Simple Lung Image Segmentation Using Deep Learning

Resource Overview

Simple lung image segmentation implementation with deep learning approaches and code-level explanations

Detailed Documentation

In this document, we explore methods for performing simple lung image segmentation. Lung image segmentation represents a critical task in medical image processing, assisting healthcare professionals in accurately diagnosing and treating pulmonary diseases. By partitioning lung images into distinct regions, we can gain better insights into pulmonary structures and tissues, thereby enabling more precise medical recommendations. Simple lung image segmentation therefore constitutes a key research direction in medical imaging, with researchers continuously developing more efficient and accurate segmentation methodologies.

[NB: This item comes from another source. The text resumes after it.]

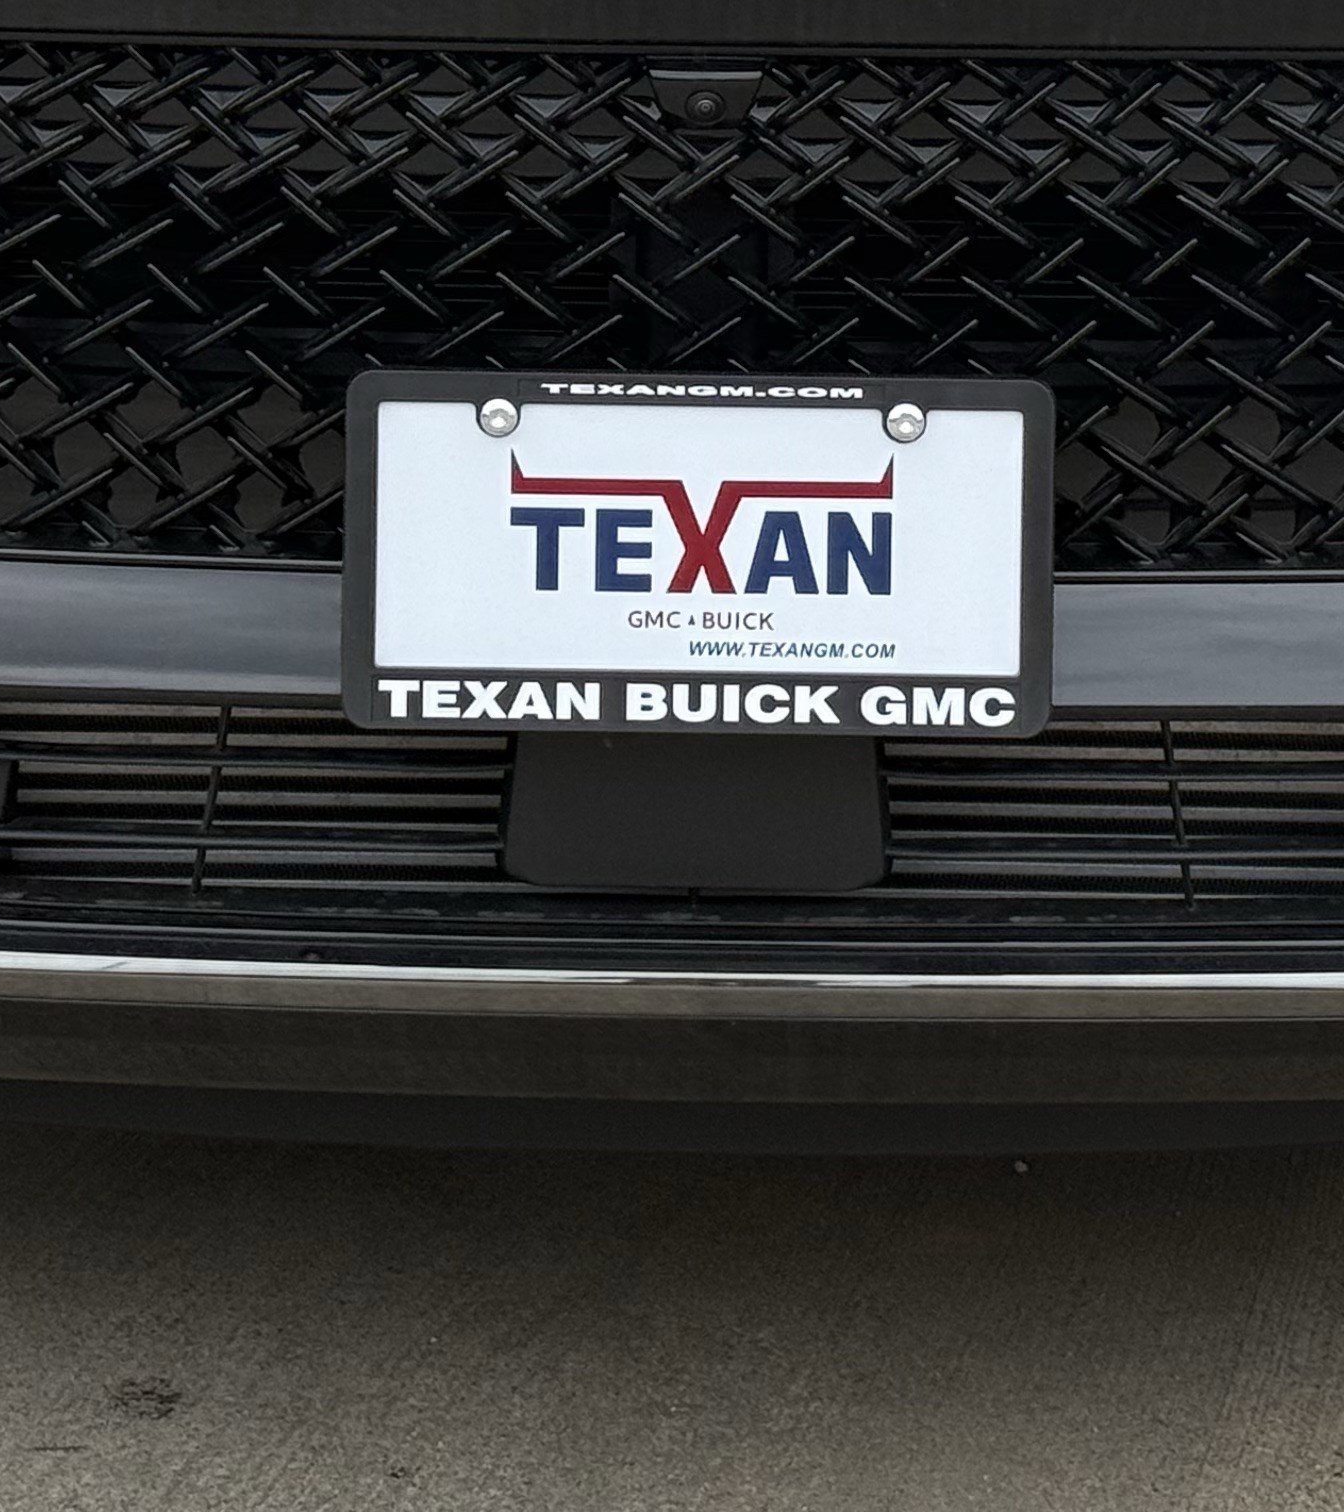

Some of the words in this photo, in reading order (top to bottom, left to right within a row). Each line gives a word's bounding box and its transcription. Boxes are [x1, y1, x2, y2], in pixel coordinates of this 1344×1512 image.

This document introduces a straightforward deep learning-based approach for lung image segmentation, typically implemented using convolutional neural networks (CNNs). The implementation generally involves preprocessing steps like image normalization and contrast enhancement, followed by a U-Net architecture that utilizes encoder-decoder structure with skip connections for precise boundary detection. Key functions include data augmentation techniques (rotation, flipping) to improve model generalization, and loss functions like Dice coefficient for handling class imbalance. Potential improvements could incorporate attention mechanisms or transformer architectures for enhanced feature extraction, along with post-processing techniques like morphological operations to refine segmentation masks.